後発ARB製剤の発がん物質混入に関する申し入れ

2018年11月1日
全国保険医団体連合会
研究部長 鵜飼 伸

 

 貴職におかれましては、日頃の厚生行政に対するご尽力に敬意を表します。
 さて、先般、あすか製薬(武田薬品系列会社)が製造販売していたジェネリック医薬品であるバルサルタン錠『AA』において、中国の原薬メーカー製造の原薬に発がん物質とされるN-ニトロソジメチルアミン(NDMA)とN-ニトロソジエチルアミン(NDEA)が混入していたことがわかり、あすか製薬が自主回収いたしました。
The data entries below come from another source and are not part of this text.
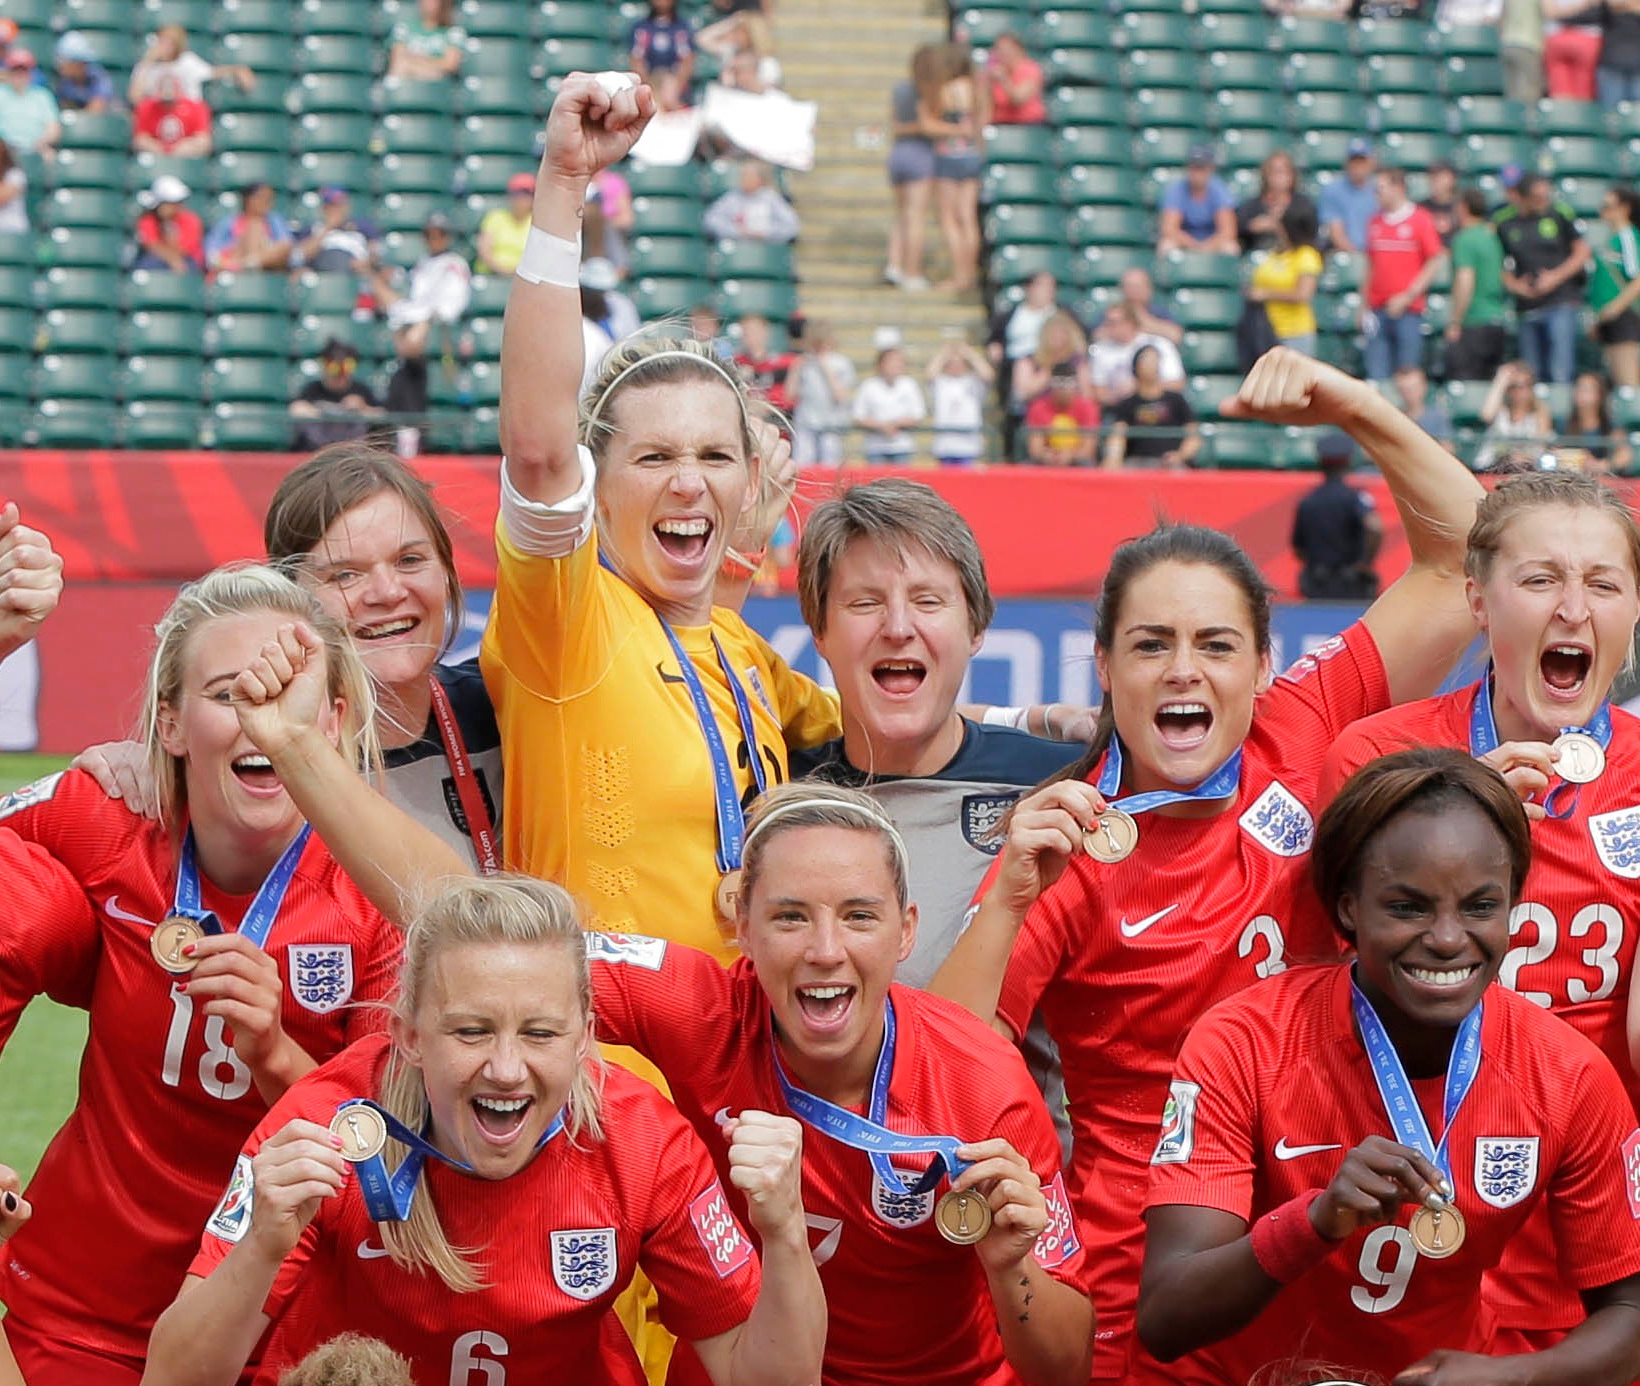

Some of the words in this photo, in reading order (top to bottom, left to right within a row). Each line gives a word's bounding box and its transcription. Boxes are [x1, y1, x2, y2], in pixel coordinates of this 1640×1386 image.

[251, 909, 264, 933] FIFA
[1497, 902, 1624, 1008] 23
[162, 982, 252, 1101] 18
[707, 1213, 733, 1243] YOU
[1350, 1225, 1418, 1314] 9
 今回の事例は、2018年6月29日、スペイン当局からの情報が厚労省に入り、その情報をもとに、あすか製薬が社内調査を経て7月5日に自主回収に着手し、翌7月6日に自主回収が公表されました。8月21日までに自主回収を終えています。
 その後、9月25日に、厚労省は、薬事食品衛生審議会−医薬品等安全対策部会安全対策調査会で審議されました。審議を受けて、10月5日、厚労省では、事務連絡を出し、160r(最大用量)を4年間毎日服用したとして生涯発がんリスクは1.5万〜3万人に1人と推定し、公表しています。

 一方、欧米では、欧州医薬品庁(EMA)の医薬品委員会は、7月5日、バルサルタンのNDMA混入問題の検討を開始し、8月2日には、EMAがこのバルサルタンを320mg(最大用量)で7年間服用するとがん発症リスク5,000人に1人の割合と発表しています。また、米国FDA、カナダEMAでは、9月に新たにNDEAを検出したと発表しています。

 こうした欧米の対応から見て、今回の厚労省の対応は、どうであったのか、検証が必要ではないでしょうか。これまで後発医薬品の使用を促進してきた経緯からみても、後発医薬品の製造品質管理に対し、大きな懸念と不安をもつものです。

 現在、製薬企業の87%が海外に製造所を持ち、特に過半を中国やインドで製造していることからも、医薬品の原薬を含めて、海外で製造した医薬品の品質管理を強化することは大変重要な課題といえます。

 日本においては、独立行政法人医薬品医療機器総合機構(PMDA)が設立されていますが、今回のような事例で、海外製造の原薬を含めた医薬品の承認・管理において、PMDAが十分な役割を果たしたのかはなはだ疑問です。また、海外からの情報により、事態が発覚した上、健康被害推定の公表は、約3か月後ということであったことは、患者・国民の不安に応える点で大きな問題があったといえます。

 私たちは、今後、こうしたことがおきないよう、厚生労働省において、海外での製造や原薬も含めた医薬品の品質管理を徹底すること、特にPMDAによる品質管理強化をすすめることを強く求めるものです。